**Exercise**
Repeat the records verbatim and leave the pictures out of your copy.

[Saved entries]
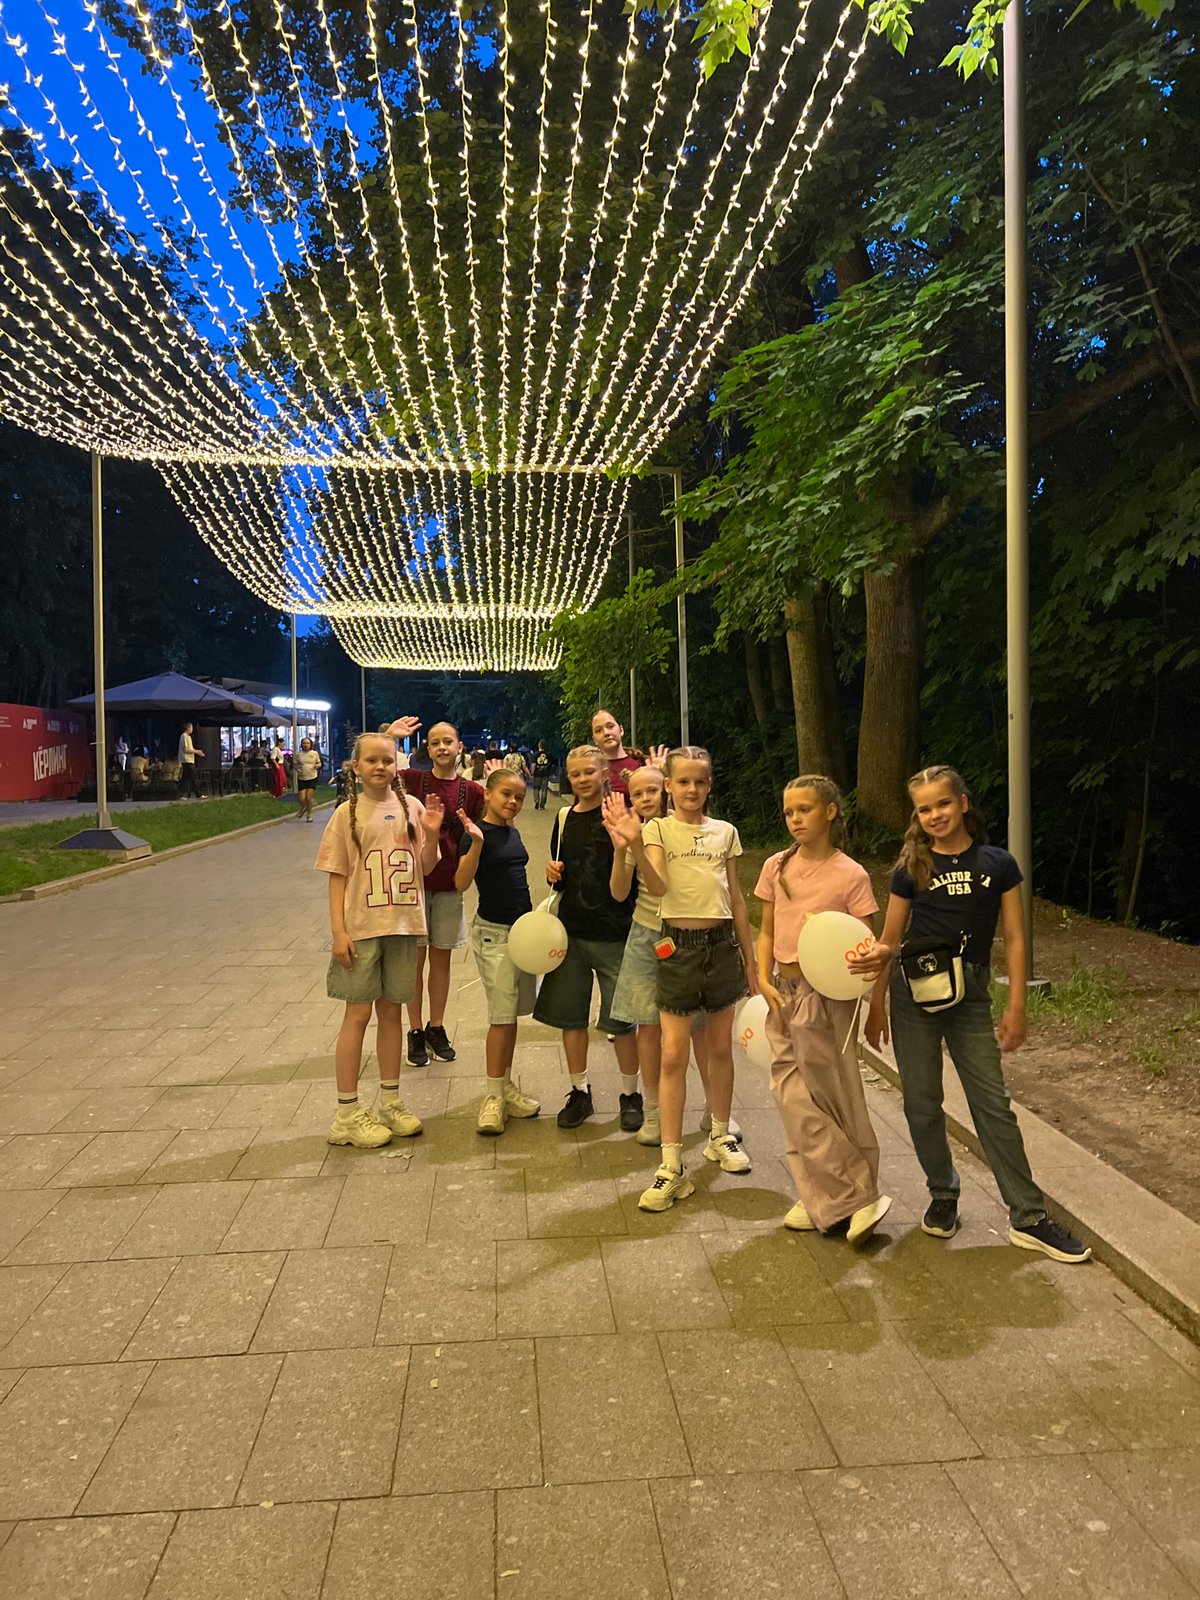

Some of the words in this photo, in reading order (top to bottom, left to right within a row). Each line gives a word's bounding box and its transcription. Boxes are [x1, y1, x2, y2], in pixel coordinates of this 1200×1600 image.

[33, 745, 67, 781] КЁРЛИНГ
[364, 848, 418, 907] 12
[929, 871, 991, 891] ALIFORA
[946, 882, 972, 895] USA
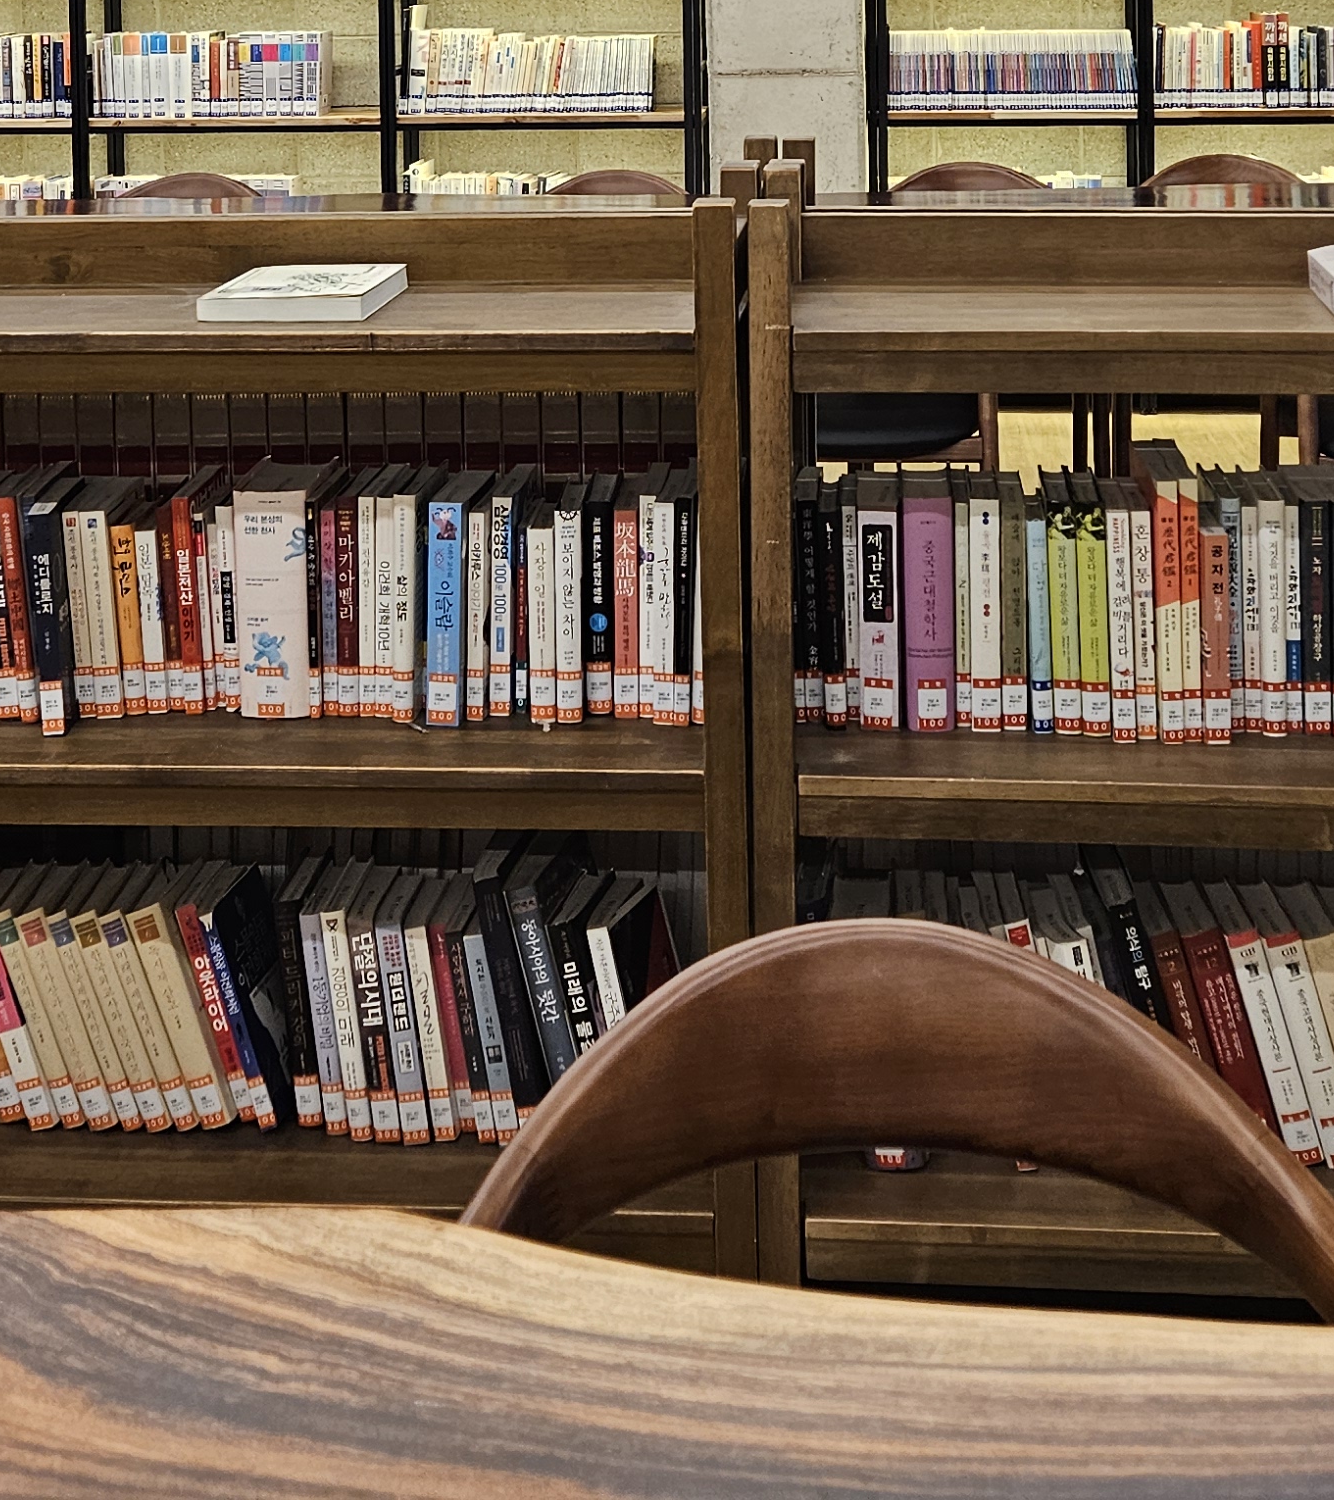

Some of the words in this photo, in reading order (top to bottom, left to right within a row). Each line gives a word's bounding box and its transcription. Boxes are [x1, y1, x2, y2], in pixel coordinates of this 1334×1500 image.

[493, 504, 511, 560] 삼성경영
[471, 543, 481, 581] 이카루스
[562, 543, 574, 580] 보이지
[615, 522, 637, 597] 坂本龍馬
[867, 531, 885, 610] 제감도설
[1134, 525, 1150, 584] 혼창통
[1211, 545, 1224, 595] 공자전
[1312, 557, 1322, 575] 노자
[38, 554, 53, 614] 에디톨로지
[177, 549, 193, 605] 일본전산
[338, 534, 355, 622] 마키아벨리
[379, 561, 391, 596] 이건희
[397, 574, 408, 596] 삶의
[397, 600, 408, 622] 정도
[435, 581, 454, 631] 이슬람
[471, 582, 481, 612] 이야기
[562, 584, 574, 609] 않는
[182, 607, 194, 641] 이야기
[378, 601, 390, 651] 개혁10년
[563, 614, 574, 640] 차이
[431, 712, 453, 720] 300
[868, 718, 888, 726] 100
[1005, 716, 1025, 724] 100
[1115, 730, 1136, 738] 100
[351, 931, 379, 989] 단절의
[1124, 926, 1145, 963] 의식의
[521, 919, 549, 986] 동아시아의
[536, 989, 556, 1024] 뒷간
[1133, 964, 1152, 991] 탐구
[193, 956, 229, 1032] 아웃라이어
[360, 990, 384, 1027] 시대
[339, 1018, 355, 1048] 미래
[328, 1121, 347, 1130] 300

**Expected output**
Some of the words in this photo, in reading order (top to bottom, left to right within a row). Each line gives a word's bounding box and its transcription. Boxes are [x1, y1, x2, y2], in pixel coordinates of this 1200×1600 image.

[33, 745, 67, 781] КЁРЛИНГ
[364, 848, 418, 907] 12
[929, 871, 991, 891] ALIFORA
[946, 882, 972, 895] USA

Some of the words in this photo, in reading order (top to bottom, left to right within a row). Each line gives a word's bounding box and its transcription. Boxes are [x1, y1, x2, y2], in pixel coordinates of this 1334×1500 image.

[493, 504, 511, 560] 삼성경영
[471, 543, 481, 581] 이카루스
[562, 543, 574, 580] 보이지
[615, 522, 637, 597] 坂本龍馬
[867, 531, 885, 610] 제감도설
[1134, 525, 1150, 584] 혼창통
[1211, 545, 1224, 595] 공자전
[1312, 557, 1322, 575] 노자
[38, 554, 53, 614] 에디톨로지
[177, 549, 193, 605] 일본전산
[338, 534, 355, 622] 마키아벨리
[379, 561, 391, 596] 이건희
[397, 574, 408, 596] 삶의
[397, 600, 408, 622] 정도
[435, 581, 454, 631] 이슬람
[471, 582, 481, 612] 이야기
[562, 584, 574, 609] 않는
[182, 607, 194, 641] 이야기
[378, 601, 390, 651] 개혁10년
[563, 614, 574, 640] 차이
[431, 712, 453, 720] 300
[868, 718, 888, 726] 100
[1005, 716, 1025, 724] 100
[1115, 730, 1136, 738] 100
[351, 931, 379, 989] 단절의
[1124, 926, 1145, 963] 의식의
[521, 919, 549, 986] 동아시아의
[536, 989, 556, 1024] 뒷간
[1133, 964, 1152, 991] 탐구
[193, 956, 229, 1032] 아웃라이어
[360, 990, 384, 1027] 시대
[339, 1018, 355, 1048] 미래
[328, 1121, 347, 1130] 300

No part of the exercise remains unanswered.